Graduates of Deganawidah-Quetzalcoatl (D-Q) University are establishing an alumni organization to regenerate the once operational university.
D-Q was a two-year, Native American college located west on Covell Boulevard toward Winters. Founded in 1971, it was accredited by the Accrediting Commission for Community and Junior Colleges (ACCJC) of the Western Association of Schools and Colleges (WASC) in 1977, but lost its accreditation in 2005.
Before a college can be considered for accreditation, it has to first be eligible. Community member Rita Montes-Martin is creating the alumni organization to rally D-Q and restore its eligibility for accreditation again.
“I am working to generate $3 million to refurbish D-Q,” said Montes-Martin, in an e-mail. “My education, employment and past community activities qualify me to take over D-Q and bring in qualified associates to bring about the fulfillment of the dream and vision held by the many original activists who claimed D-QU for the benefit of Chicanos and Indians.”
ACCJC President Barbara A. Beno said D-Q did not qualify for accreditation for numerous reasons, including not meeting standards.
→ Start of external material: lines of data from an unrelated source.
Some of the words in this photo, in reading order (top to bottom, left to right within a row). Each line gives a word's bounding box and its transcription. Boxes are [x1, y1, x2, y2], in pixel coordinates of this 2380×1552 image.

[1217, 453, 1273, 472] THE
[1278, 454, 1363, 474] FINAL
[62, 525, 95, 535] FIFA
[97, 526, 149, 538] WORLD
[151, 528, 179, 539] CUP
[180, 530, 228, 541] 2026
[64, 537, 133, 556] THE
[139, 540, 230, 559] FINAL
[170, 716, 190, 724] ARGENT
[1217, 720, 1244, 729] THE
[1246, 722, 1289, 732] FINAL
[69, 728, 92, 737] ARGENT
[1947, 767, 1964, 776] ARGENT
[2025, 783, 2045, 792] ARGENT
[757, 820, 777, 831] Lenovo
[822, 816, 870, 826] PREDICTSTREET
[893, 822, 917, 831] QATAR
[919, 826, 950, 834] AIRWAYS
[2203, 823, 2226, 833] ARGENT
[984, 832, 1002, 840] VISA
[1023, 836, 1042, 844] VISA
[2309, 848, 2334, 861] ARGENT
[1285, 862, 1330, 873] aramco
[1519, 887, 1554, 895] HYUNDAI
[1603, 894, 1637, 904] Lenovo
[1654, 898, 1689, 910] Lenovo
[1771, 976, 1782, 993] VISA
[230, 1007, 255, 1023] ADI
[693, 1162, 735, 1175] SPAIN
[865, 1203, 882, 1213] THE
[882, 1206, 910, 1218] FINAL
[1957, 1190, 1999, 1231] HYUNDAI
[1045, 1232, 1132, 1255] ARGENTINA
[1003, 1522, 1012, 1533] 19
“They did not have proper academic structure, they did not have sufficient funding, they did not have sufficient integrity in the financial aid area and they were losing students and down to very few students,” Beno said. “There were major areas.”
Montes-Martin explained the reasoning for the school’s closure.
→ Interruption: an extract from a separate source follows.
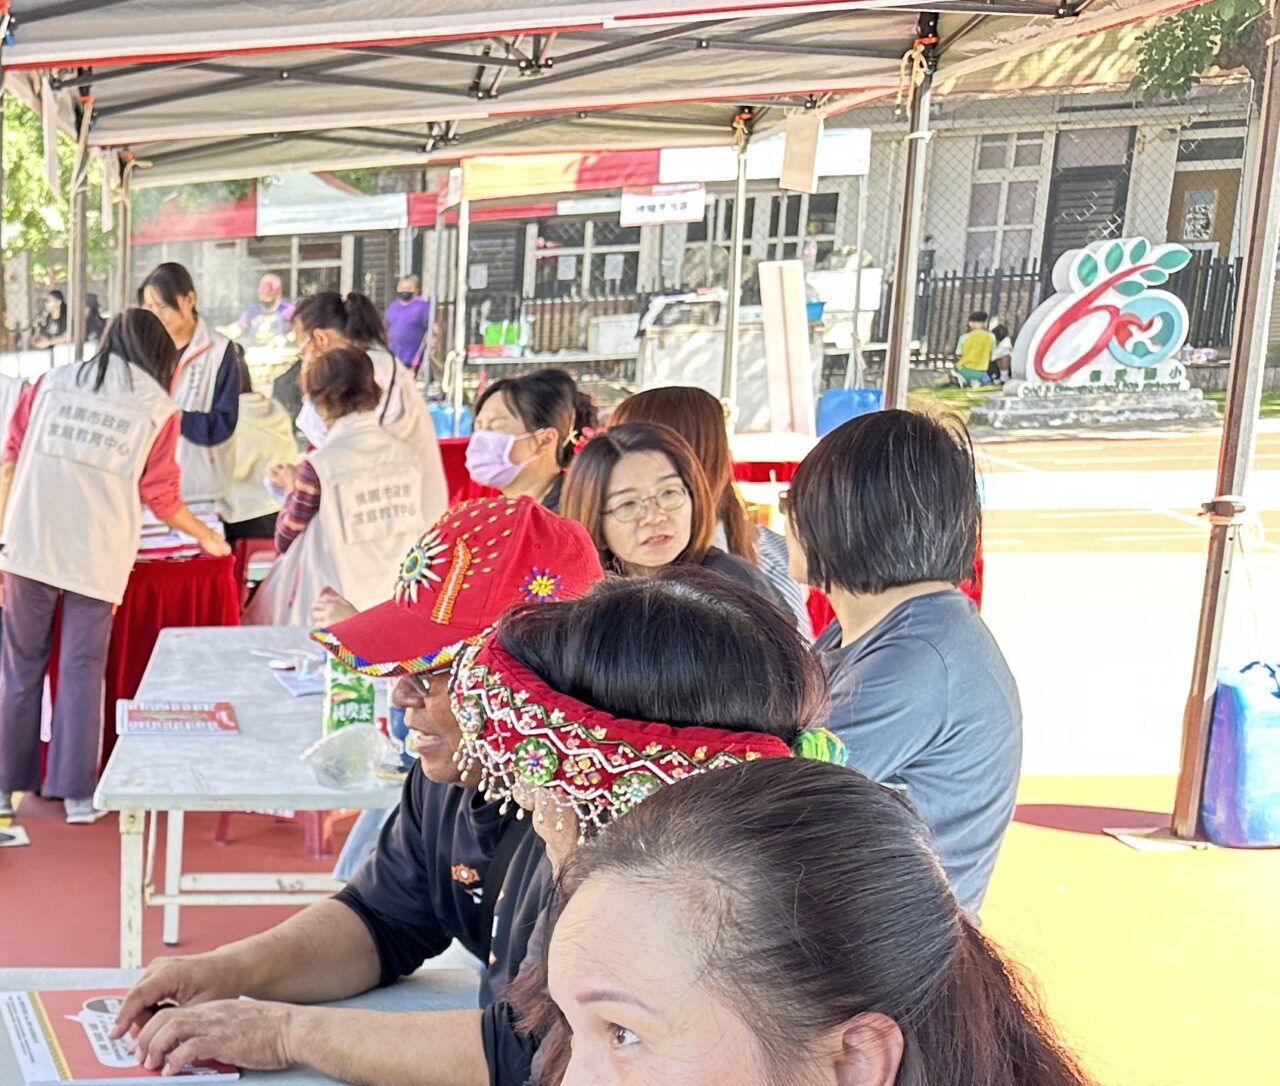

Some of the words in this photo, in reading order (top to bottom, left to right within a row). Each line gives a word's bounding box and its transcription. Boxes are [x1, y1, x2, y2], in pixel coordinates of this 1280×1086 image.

[58, 405, 131, 434] 桃園市政府
[47, 423, 130, 456] 家庭教育中心
“Currently the school has been closed for six years due to questionable and unlawful actions by the existing board of trustees,” Montes-Martin said. “We do not work with them; a court action requests they be removed and Rita Montes-Martin appointed by the court to represent the Chicano and Indian community and students to save and revive D-Q.”
According to Montes-Martin, the existing board will be held accountable for the books, equipment, furniture and damage to the grounds and buildings. She said when the school lost its accreditation, it also lost any source of government funding due to the questionable acts by the former board of trustees and the administration. These acts include the administration taking Pell Grant funds as well as the board not contributing any money to reviving D-Q.
Last April, three members of the board were voted out because of actions that negatively affected the school and its funds.
Currently, there is some progress in the attempt to reestablish D-Q.
“In recent months, representatives of the California Indian Education Association have been in contact with D-Q University, seeking to shore up the school as best as possible,” said the Affiliated Obsidian Nation spokesperson Steve Jerome-Wyatt, in an e-mail. “The school’s board of trustees itself has formed a Curriculum Committee [and] this course-of-action is guaranteed to bring the school back into a long and complicated struggle to become re-accredited once again.”
Jerome-Wyatt said a WASC representative stated the re-accreditation process could take at least five years. He said D-Q still has issues that were responsible for its decline but believes the university still has a chance to stand back on its feet.
Beno acknowledges D-Q’s attempts to regain accreditation.
“I think as they develop a new institution, looking at why one failed is not so helpful,” Beno said. “They ought to be looking at what would be required to get accreditation to build an institution that meets the standards.”